Excerpts from a dataset

/---

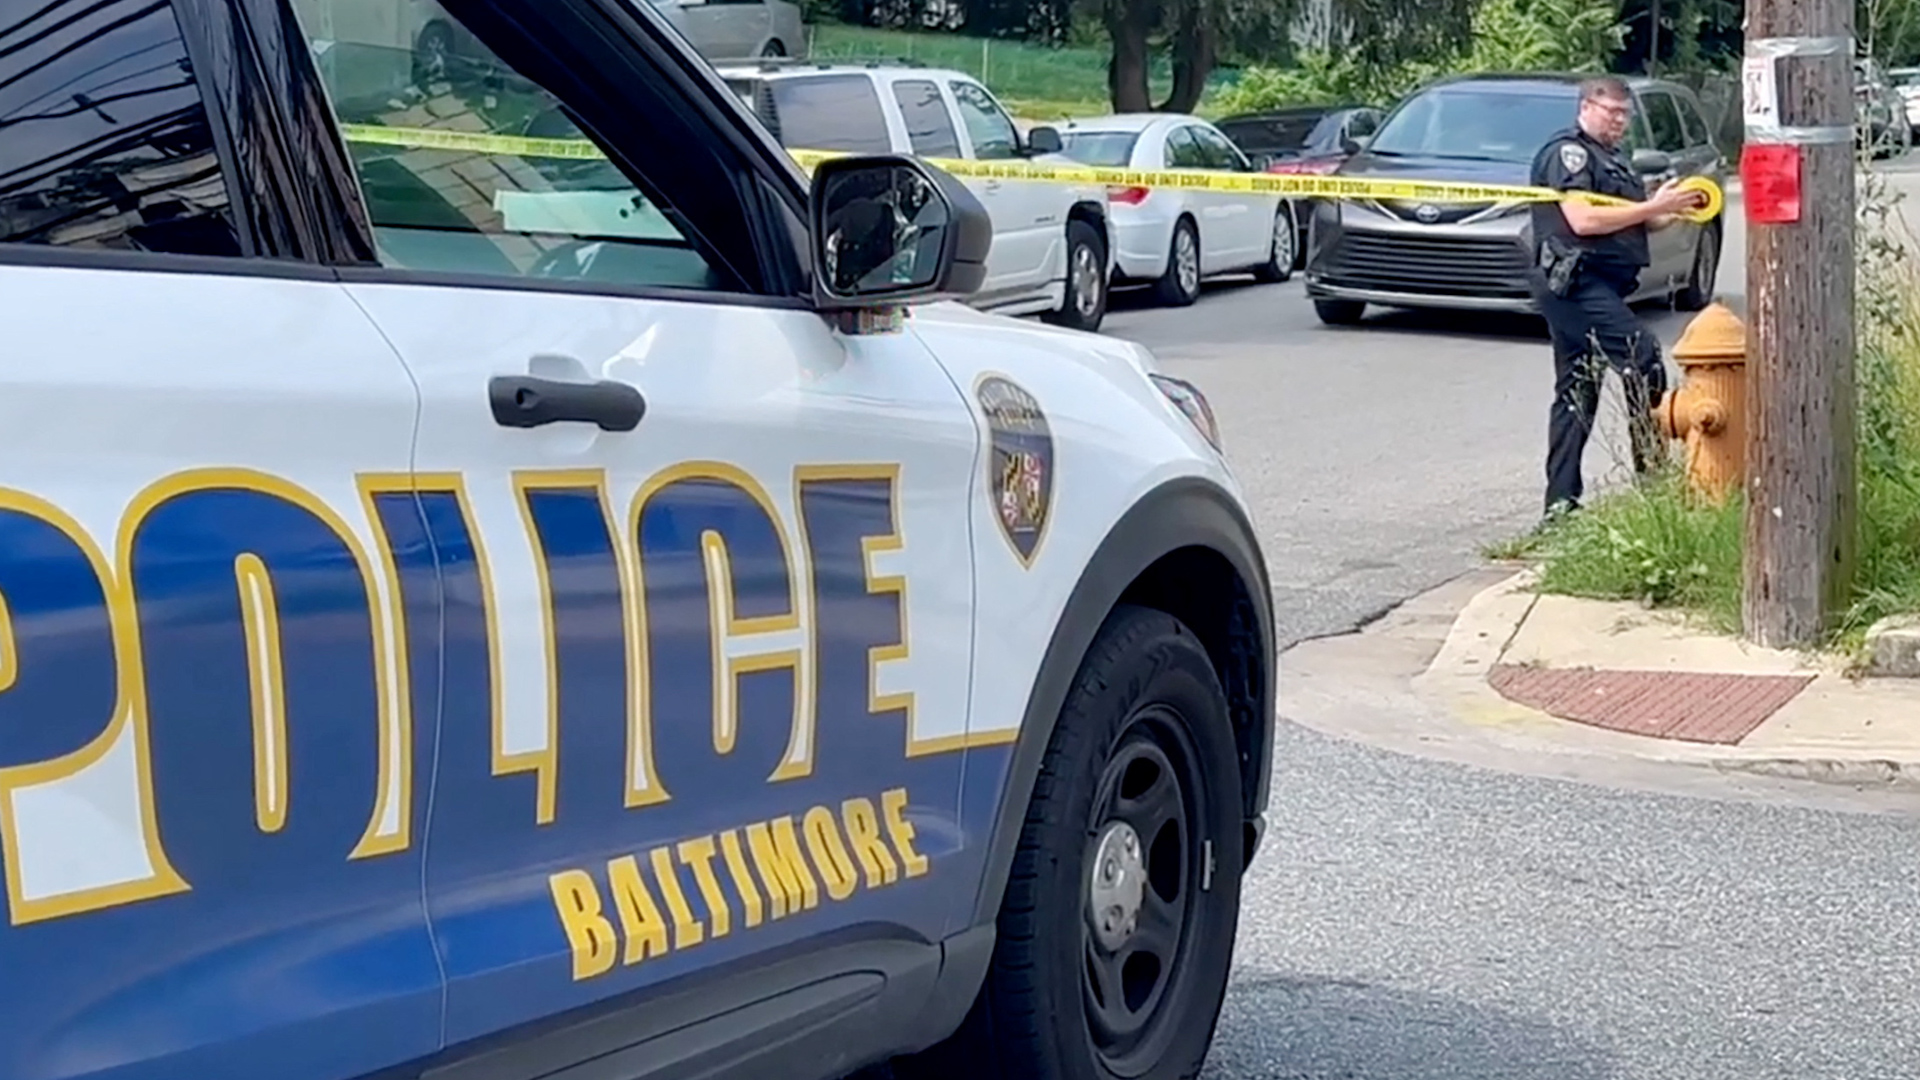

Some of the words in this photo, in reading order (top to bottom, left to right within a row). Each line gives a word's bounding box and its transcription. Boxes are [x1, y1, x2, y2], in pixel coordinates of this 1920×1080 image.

[1144, 173, 1157, 184] DO
[1181, 174, 1211, 187] POLICE
[1282, 179, 1299, 191] NOT
[1302, 179, 1315, 192] DO
[1340, 181, 1371, 194] POLICE
[549, 787, 929, 981] BALTIMORE

\---

**TASK TO CARRY OUT**
The records above must be echoed exactly, minus their pictures.

**RESULT**
Some of the words in this photo, in reading order (top to bottom, left to right within a row). Each line gives a word's bounding box and its transcription. Boxes are [x1, y1, x2, y2], in pixel coordinates of this 1920×1080 image.

[1144, 173, 1157, 184] DO
[1181, 174, 1211, 187] POLICE
[1282, 179, 1299, 191] NOT
[1302, 179, 1315, 192] DO
[1340, 181, 1371, 194] POLICE
[549, 787, 929, 981] BALTIMORE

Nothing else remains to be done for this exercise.